[Work task]
Return all of the data exactly, omitting any images.

--- Exercise materials Enclosed Below ---

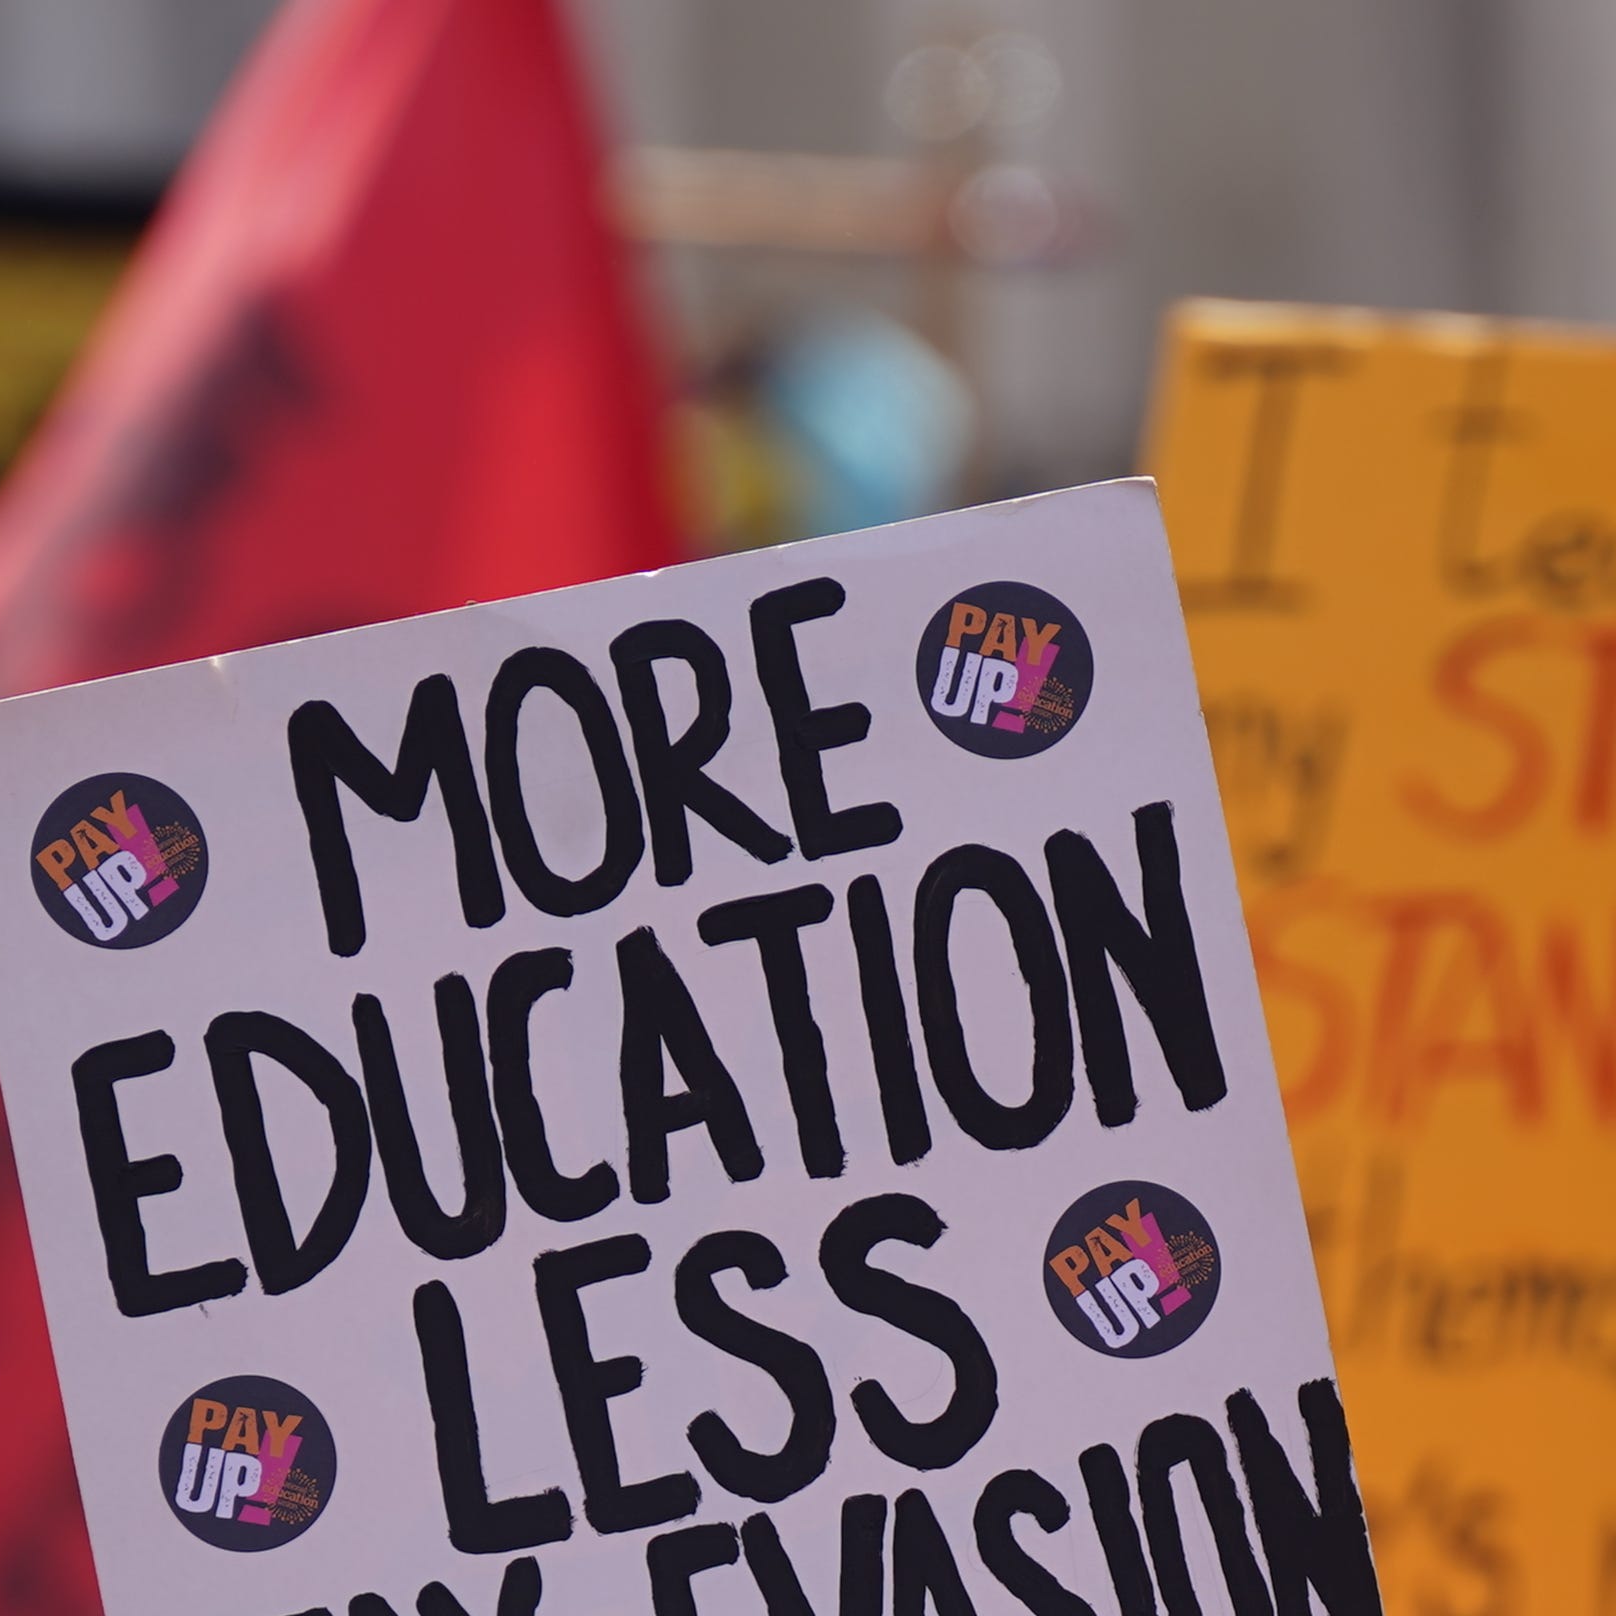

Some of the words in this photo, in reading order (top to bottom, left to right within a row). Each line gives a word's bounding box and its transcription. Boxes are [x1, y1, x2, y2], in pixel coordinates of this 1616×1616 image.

[1183, 342, 1358, 616] I
[932, 638, 1059, 732] UP!
[947, 604, 1059, 667] PAY
[288, 578, 903, 957] MORE
[37, 792, 139, 889] PAY
[64, 805, 178, 940] UP!
[72, 802, 1227, 1317] EDUCATION
[1051, 1200, 1154, 1295] PAY
[1076, 1214, 1191, 1348] UP!
[413, 1181, 998, 1554] LESS
[176, 1431, 301, 1525] UP!
[189, 1400, 301, 1460] PAY

--- End of Enclosed Exercise materials ---

[Completed exercise]
Some of the words in this photo, in reading order (top to bottom, left to right within a row). Each line gives a word's bounding box and its transcription. Boxes are [x1, y1, x2, y2], in pixel coordinates of this 1616×1616 image.

[1183, 342, 1358, 616] I
[932, 638, 1059, 732] UP!
[947, 604, 1059, 667] PAY
[288, 578, 903, 957] MORE
[37, 792, 139, 889] PAY
[64, 805, 178, 940] UP!
[72, 802, 1227, 1317] EDUCATION
[1051, 1200, 1154, 1295] PAY
[1076, 1214, 1191, 1348] UP!
[413, 1181, 998, 1554] LESS
[176, 1431, 301, 1525] UP!
[189, 1400, 301, 1460] PAY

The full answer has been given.